History is all about unvarnished rendering of past happenings. It has no scope for acquiring any kind of tint under the influence of any ism. — Dr. Jaya Kakkar

 

It is ofcourse known to us all that while history is an important discipline of study for any educated person, its teaching-at the school level, at least-fails to gets its due cognition. One reason perhaps is that unlike commerce and sciences, history commands little ‘market value’. This, however, does not take away from the fact that knowledge of our past truly and adequately prepares us not only to face our future but also shape it. Young minds can be molded in either direction-dogmatism or rational thinking-by imparting knowledge of history which may have been presented through colored prism. History links past with our present. In the process of presenting this narrative, history creates a public ethos, it shapes our culture, our way of thinking and acting. Tangible (architecture, sewage system) and intangible (values, mindset) heritage, ranging from ancient to modern, establishes a link between even past happenings and present norms related to the society, governance, moral and ethics, so on and so forth. If the discourse on history is poor, biased, and shaped by isms (be it Marxism or Hinduism) it will severely compromise our capacity to cope with our present obstacles and carve out innovative and sustainable solutions to shape our future in a productive manner. The result is likely to be a chaos all around us. 

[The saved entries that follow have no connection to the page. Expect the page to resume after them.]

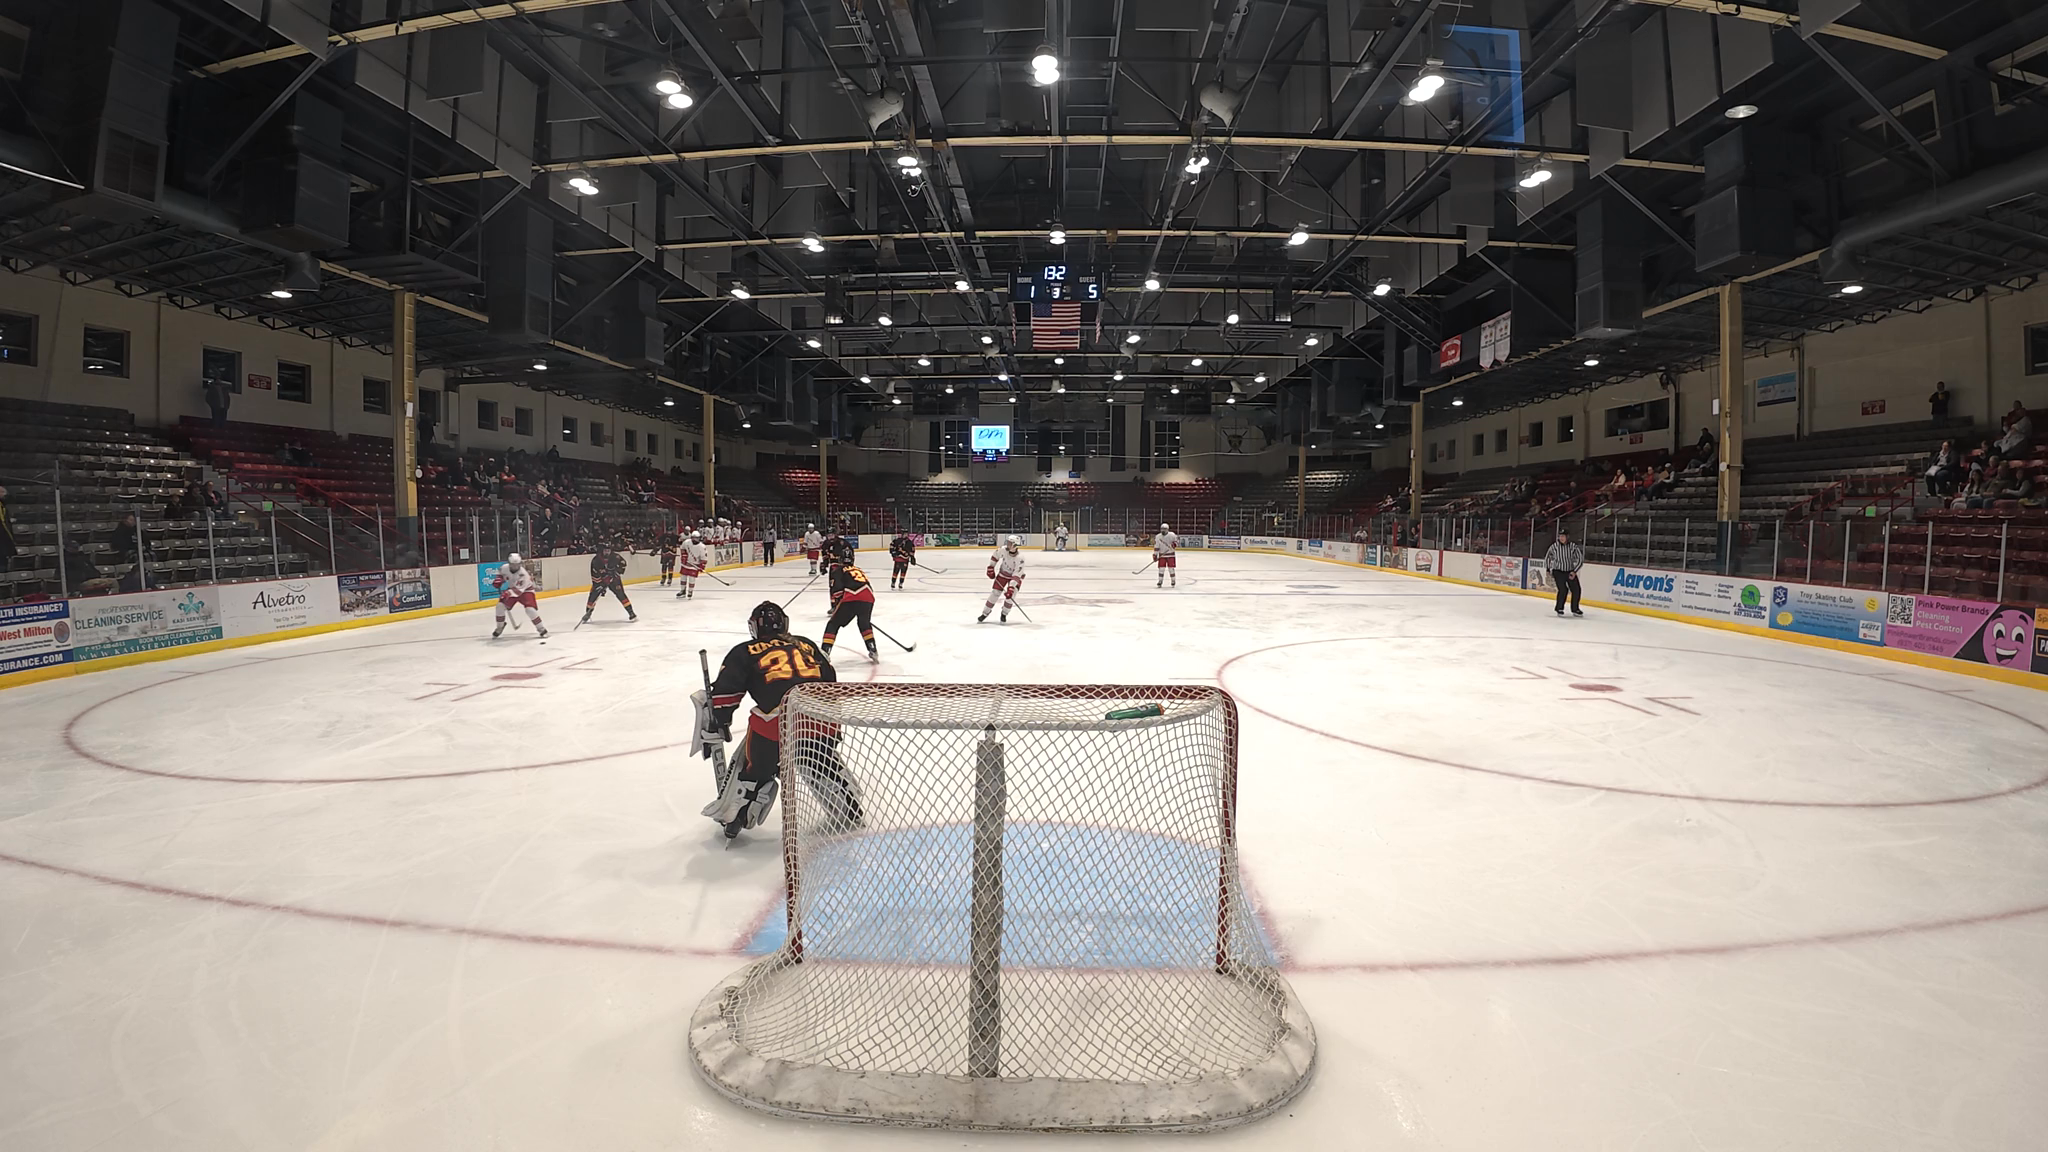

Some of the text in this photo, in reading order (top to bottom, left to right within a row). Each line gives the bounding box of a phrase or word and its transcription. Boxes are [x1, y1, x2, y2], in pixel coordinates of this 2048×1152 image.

[1088, 284, 1097, 298] 5
[1613, 568, 1675, 593] Aaron's
[252, 591, 306, 610] Alvetro
[402, 594, 426, 603] Comfort
[1800, 591, 1854, 603] Troy Skating Club
[15, 603, 63, 616] INSURANCE?
[1917, 600, 1989, 616] Pink Power Brands
[75, 610, 164, 630] CLEANING SERVICE
[1917, 611, 1950, 623] Cleaning
[23, 626, 52, 638] Milton
[1915, 620, 1963, 634] Pest Control
[717, 759, 735, 800] VAUGHN

The history teaching is mired in deep political controversy in present times in India. To be sure, India is not alone in this respect. No nation is unscathed from such debates about their past and how it needed to be retold. For example, America is uncomfortable with Hiroshima historical legacy while Britain can never find peace with Gandhi. The genesis lies in the fact that history is nothing but publicly shared past; this imparts a collective memory and identity. When this history is officially told through text books by public institutions like NCERT, it gets authentication and stamp of approval. These become words having sanctity form the government. Young minds, highly impressionistic, can easily be molded by what they learn from such ‘official’ sources. Such young minds, even if imperceptibly, tend to acquire a politically tinted disposition; they can later be mobilized to accept certain ‘truth’, about polity, exploitation, economy, races, rulers, etc. That is the reason why most nations use history to build collective memory and identity. Most often, education may not be perceived as a means to resolve a problem (say, immigration). Rather, an attempt may be made to create the bogey of a collective identity (self) which may be fighting against a monolithic (and antagonistic) ‘other’.

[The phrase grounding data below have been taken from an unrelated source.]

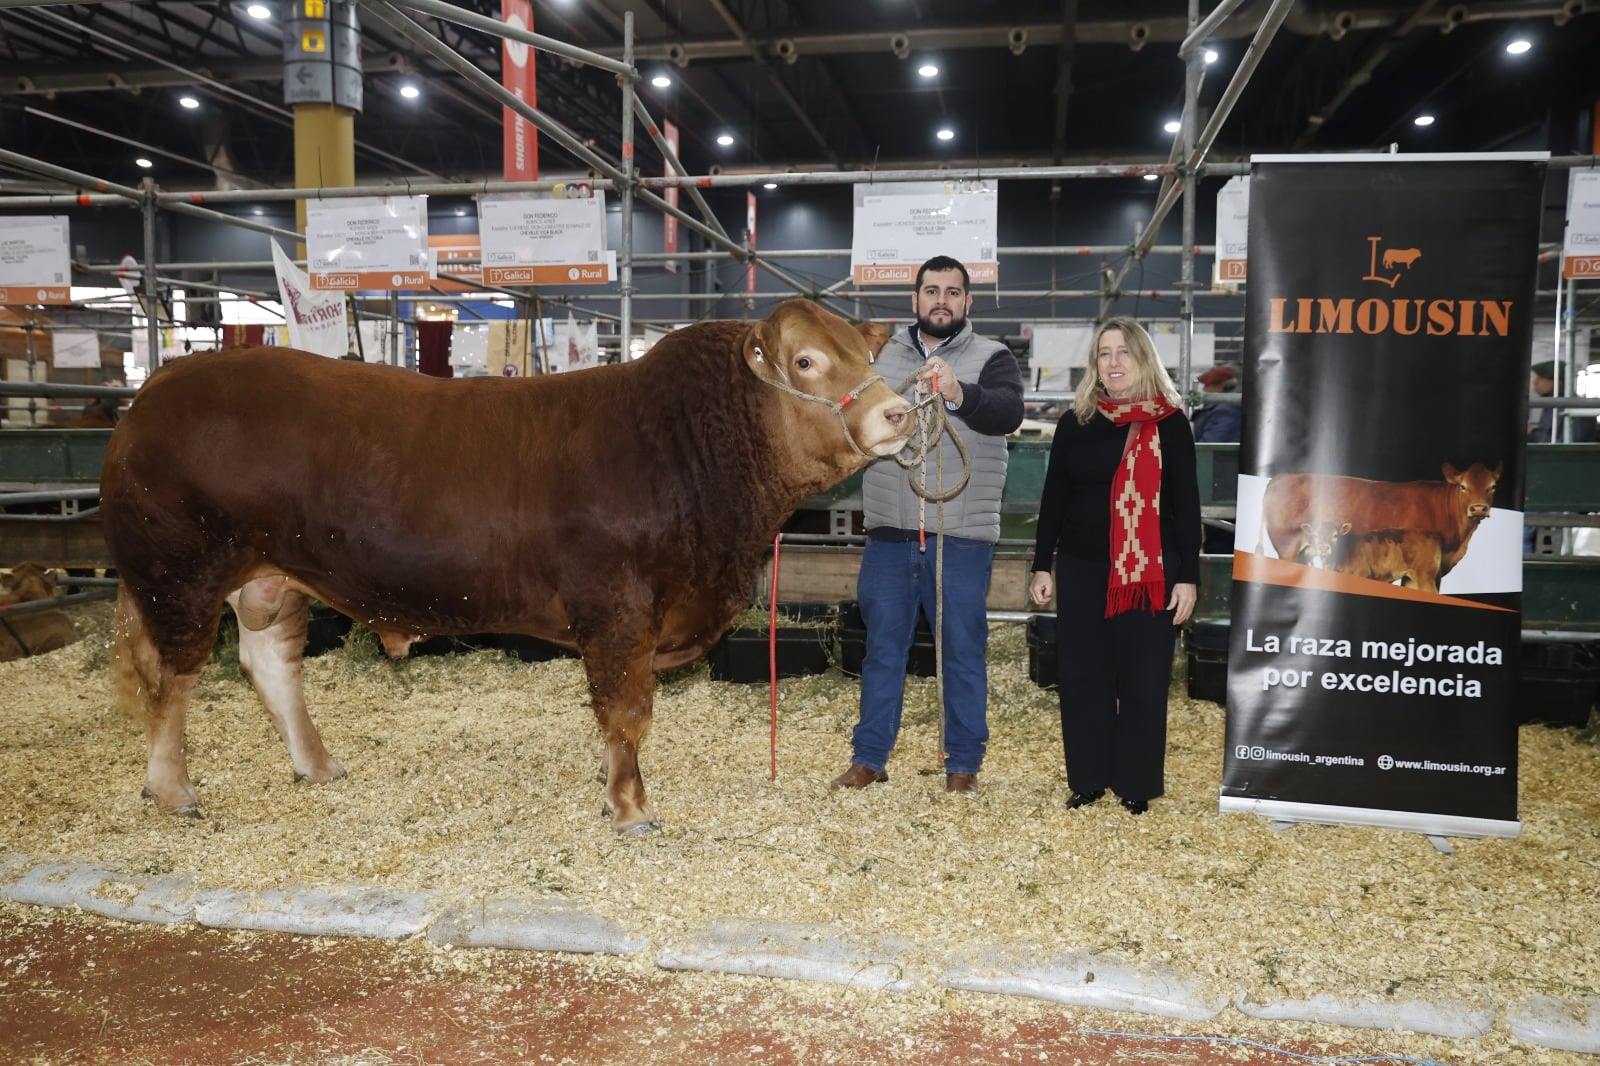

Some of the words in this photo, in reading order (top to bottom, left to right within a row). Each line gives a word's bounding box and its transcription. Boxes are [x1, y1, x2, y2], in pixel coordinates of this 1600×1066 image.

[514, 86, 525, 172] SHORTHN
[327, 275, 356, 287] Galicia
[404, 275, 424, 285] Rural
[503, 270, 531, 281] Galicia
[581, 269, 603, 279] Rural
[877, 269, 908, 280] Galicia
[1267, 297, 1513, 337] LIMOUSIN
[1246, 628, 1280, 653] La
[1290, 635, 1351, 658] raza
[1361, 637, 1502, 666] mejorada
[1263, 667, 1313, 691] por
[1321, 670, 1482, 697] excelencia
[1265, 750, 1364, 766] limousin_argentina
[1395, 760, 1506, 776] www.limousin.org.ar

History narrative is a faithful, unbiased chronicling of events as they took place. It is the study of people, actions, decisions, interactions, and behaviours. It should help us distill lessons for today. The purpose of studying it is to stand at the centre of diverse, tolerant, and intellectually rigorous debate about society, culture, economy, and political systems. But presently open and free debate is suppressed. And the cause of this intolerance is easy to identify. History grants the ability to legitimize or discredit events, actions, and individuals to those who control the narrative. This is true for every regime. But to marshall history and use it as a weapon to serve the needs of those who can control it amounts to its misuse and abuse. History is not a tool to fight cultural wars. Unfortunately in most regimes it is clumsily wielded by those who deliberately harbor to impose their own ideological agenda. History has become the handmaiden of identity politics and self flagellation. But this leads to a unidimensional understanding of out past. History stands at a crossroads; it must refuse to follow the trends of the times.

Currently there is a streak of ultra nationalism, majoritarianism and cultural hegemony. India, according to this view, is essentially Hindu civilisational legacy. And therefore there is a conscious attempt to rewrite the history. This view can be contrasted with earlier ideas when nationalism meant opposition to the British rule, there was inclusive polity with a conscious attempt to promote power sharing between dominant religions, plus an attempt to retrieve the pluralistic past that had composite culture. There was no attempt to identify civilisational legacy with Hinduism. It was a different history that was written.

But isms should not dictate as to how the narratives should be set. There should be place for contrasting ideas. And let ideas fight ideas. A reader should be introduced to all viewpoints and be invited to critically examine them. There should also not be a violation of the fundamental democratic principle of freedom of expression. The ideas should not be stifled, nor should the debates be killed. The discussion between orthodoxies and reformists should be encouraged. Alas, political illiberalism kills it all. To be sure, at no point of time in our writing of History the according of it has remained free from dominant political thought of the time, be it earlier Nehruvianism or now Majoritarianism. 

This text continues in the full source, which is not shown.